*** Opening of Records supplied ***

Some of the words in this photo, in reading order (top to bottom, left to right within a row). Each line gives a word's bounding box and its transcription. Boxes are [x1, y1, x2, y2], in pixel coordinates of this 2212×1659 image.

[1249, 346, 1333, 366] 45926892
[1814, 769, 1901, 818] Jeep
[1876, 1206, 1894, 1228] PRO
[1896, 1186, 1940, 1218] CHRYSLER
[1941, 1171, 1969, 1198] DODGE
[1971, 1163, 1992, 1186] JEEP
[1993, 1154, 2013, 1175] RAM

*** Close of Records supplied ***
*** Opening of Records supplied ***

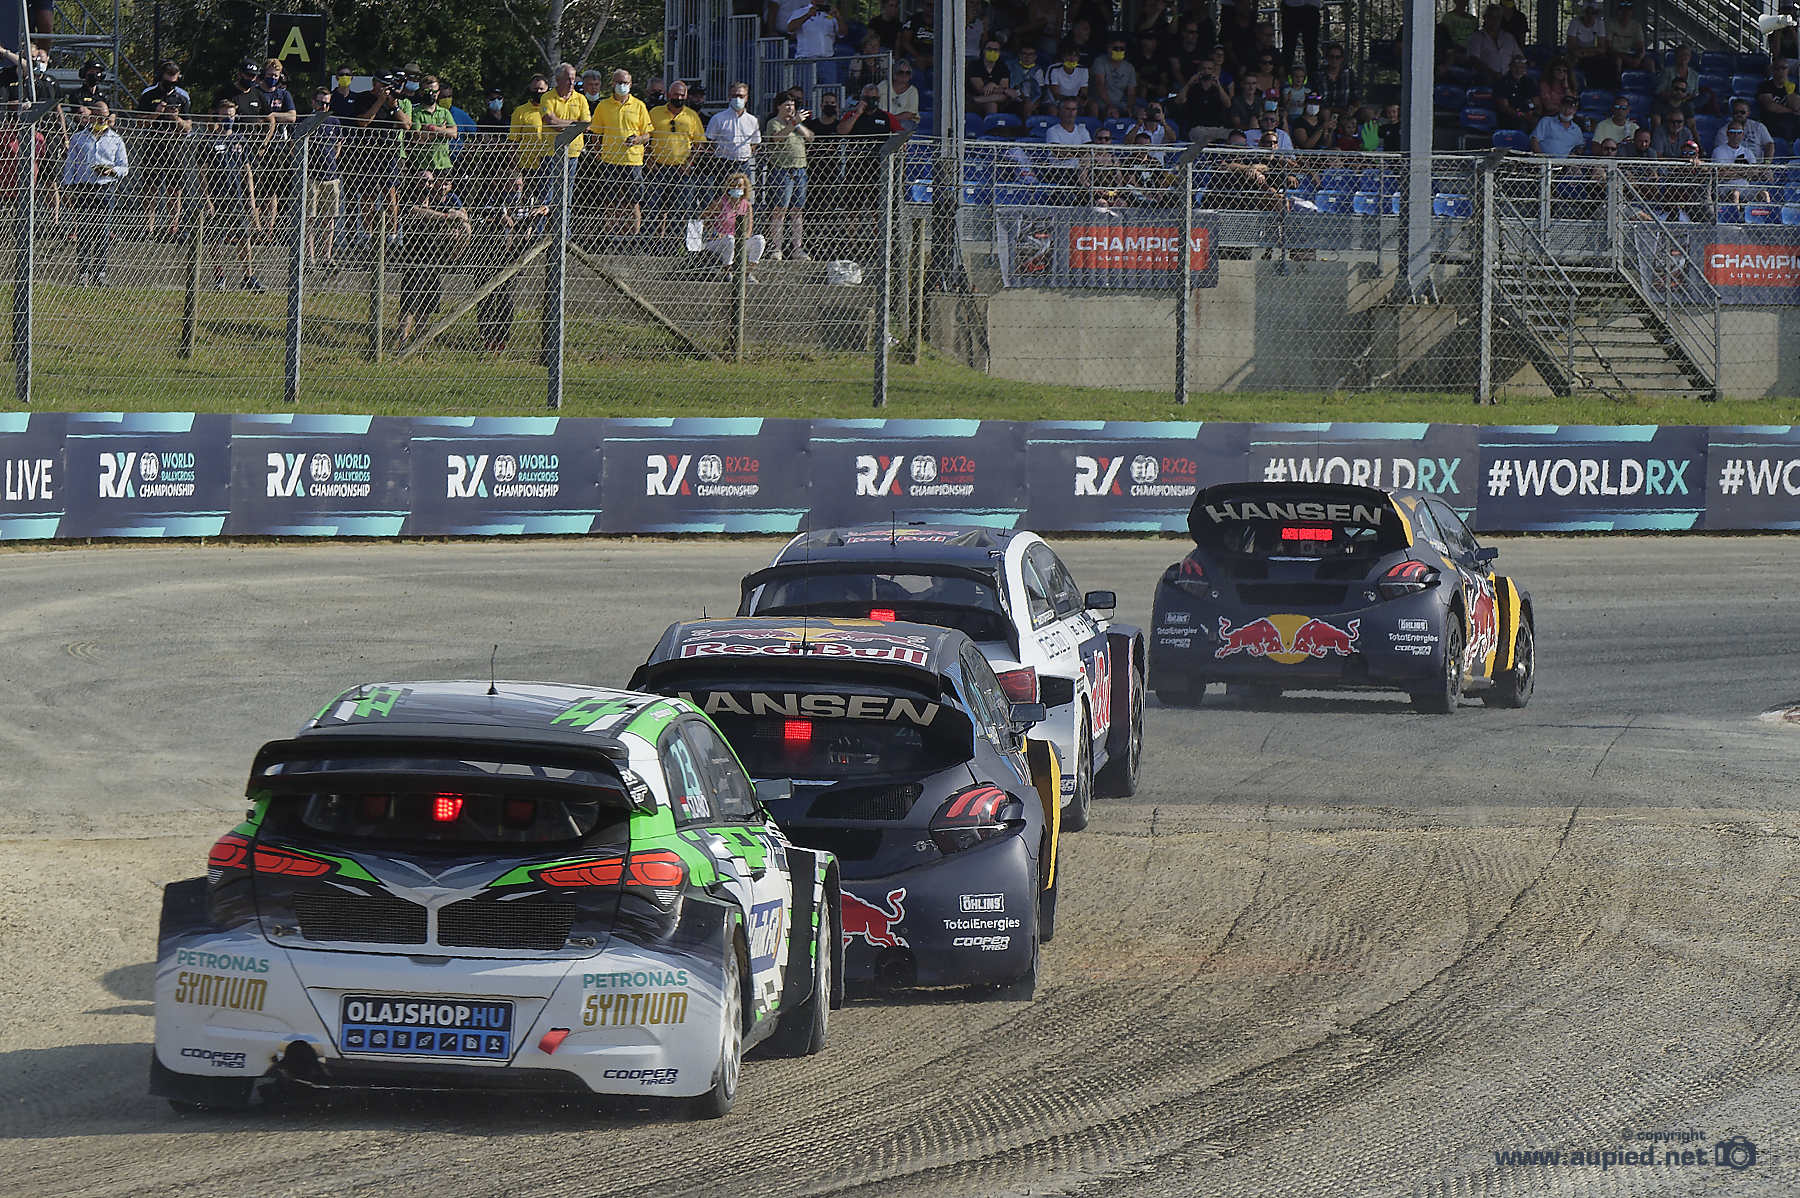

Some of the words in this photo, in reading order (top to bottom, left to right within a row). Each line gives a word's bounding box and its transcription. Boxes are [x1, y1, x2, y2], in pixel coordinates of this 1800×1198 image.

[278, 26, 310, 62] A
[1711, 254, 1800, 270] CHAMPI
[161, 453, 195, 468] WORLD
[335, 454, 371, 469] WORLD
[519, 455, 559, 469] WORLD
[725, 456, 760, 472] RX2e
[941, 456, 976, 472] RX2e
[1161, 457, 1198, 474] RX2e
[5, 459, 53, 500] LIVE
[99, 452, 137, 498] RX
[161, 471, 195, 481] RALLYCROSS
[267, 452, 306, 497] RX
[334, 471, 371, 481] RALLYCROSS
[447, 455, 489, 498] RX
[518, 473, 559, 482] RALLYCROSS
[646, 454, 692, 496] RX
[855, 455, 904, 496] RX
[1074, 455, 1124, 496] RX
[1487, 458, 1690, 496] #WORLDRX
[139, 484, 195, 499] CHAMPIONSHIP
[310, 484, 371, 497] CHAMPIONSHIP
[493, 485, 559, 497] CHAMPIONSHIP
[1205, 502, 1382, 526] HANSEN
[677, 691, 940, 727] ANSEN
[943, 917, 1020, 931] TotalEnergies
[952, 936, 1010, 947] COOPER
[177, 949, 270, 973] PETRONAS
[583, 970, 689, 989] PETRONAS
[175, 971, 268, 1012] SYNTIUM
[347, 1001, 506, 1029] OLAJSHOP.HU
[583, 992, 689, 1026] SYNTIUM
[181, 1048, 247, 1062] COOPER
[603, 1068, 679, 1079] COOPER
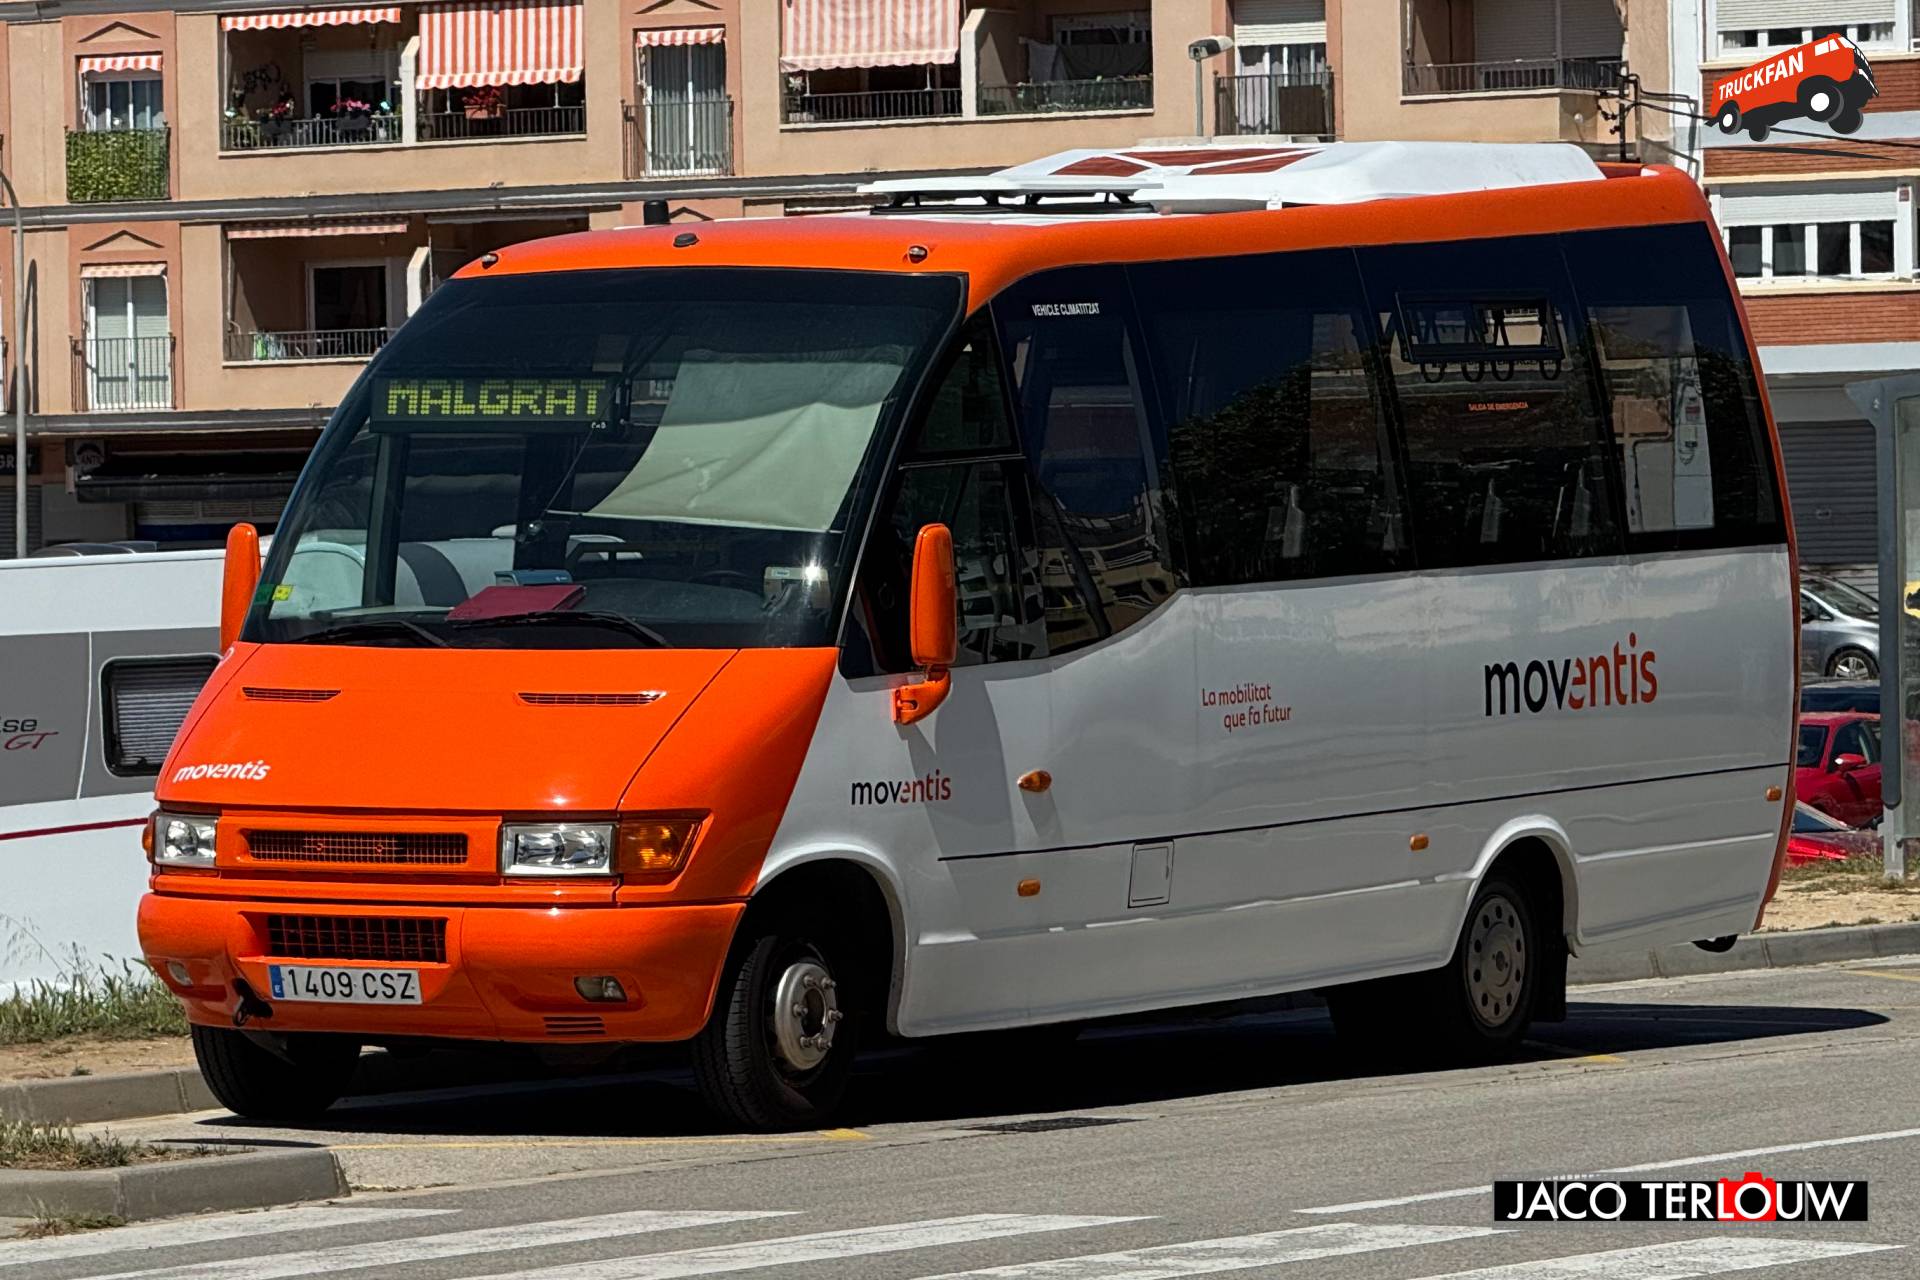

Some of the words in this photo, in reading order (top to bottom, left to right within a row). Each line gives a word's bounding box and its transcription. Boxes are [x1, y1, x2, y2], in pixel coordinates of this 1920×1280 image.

*** Close of Records supplied ***

## To do:
Pictures are to be left out. Write out only the lines above starting at the one with "this 1800×1198 image." and ending at the one with "this 1920×1280 image.", both lines included, exactly.

## Exercise result:
Some of the words in this photo, in reading order (top to bottom, left to right within a row). Each line gives a word's bounding box and its transcription. Boxes are [x1, y1, x2, y2], in pixel coordinates of this 1800×1198 image.

[278, 26, 310, 62] A
[1711, 254, 1800, 270] CHAMPI
[161, 453, 195, 468] WORLD
[335, 454, 371, 469] WORLD
[519, 455, 559, 469] WORLD
[725, 456, 760, 472] RX2e
[941, 456, 976, 472] RX2e
[1161, 457, 1198, 474] RX2e
[5, 459, 53, 500] LIVE
[99, 452, 137, 498] RX
[161, 471, 195, 481] RALLYCROSS
[267, 452, 306, 497] RX
[334, 471, 371, 481] RALLYCROSS
[447, 455, 489, 498] RX
[518, 473, 559, 482] RALLYCROSS
[646, 454, 692, 496] RX
[855, 455, 904, 496] RX
[1074, 455, 1124, 496] RX
[1487, 458, 1690, 496] #WORLDRX
[139, 484, 195, 499] CHAMPIONSHIP
[310, 484, 371, 497] CHAMPIONSHIP
[493, 485, 559, 497] CHAMPIONSHIP
[1205, 502, 1382, 526] HANSEN
[677, 691, 940, 727] ANSEN
[943, 917, 1020, 931] TotalEnergies
[952, 936, 1010, 947] COOPER
[177, 949, 270, 973] PETRONAS
[583, 970, 689, 989] PETRONAS
[175, 971, 268, 1012] SYNTIUM
[347, 1001, 506, 1029] OLAJSHOP.HU
[583, 992, 689, 1026] SYNTIUM
[181, 1048, 247, 1062] COOPER
[603, 1068, 679, 1079] COOPER

Some of the words in this photo, in reading order (top to bottom, left to right within a row). Each line gives a word's bounding box and its transcription. Boxes are [x1, y1, x2, y2], in pixel coordinates of this 1920×1280 image.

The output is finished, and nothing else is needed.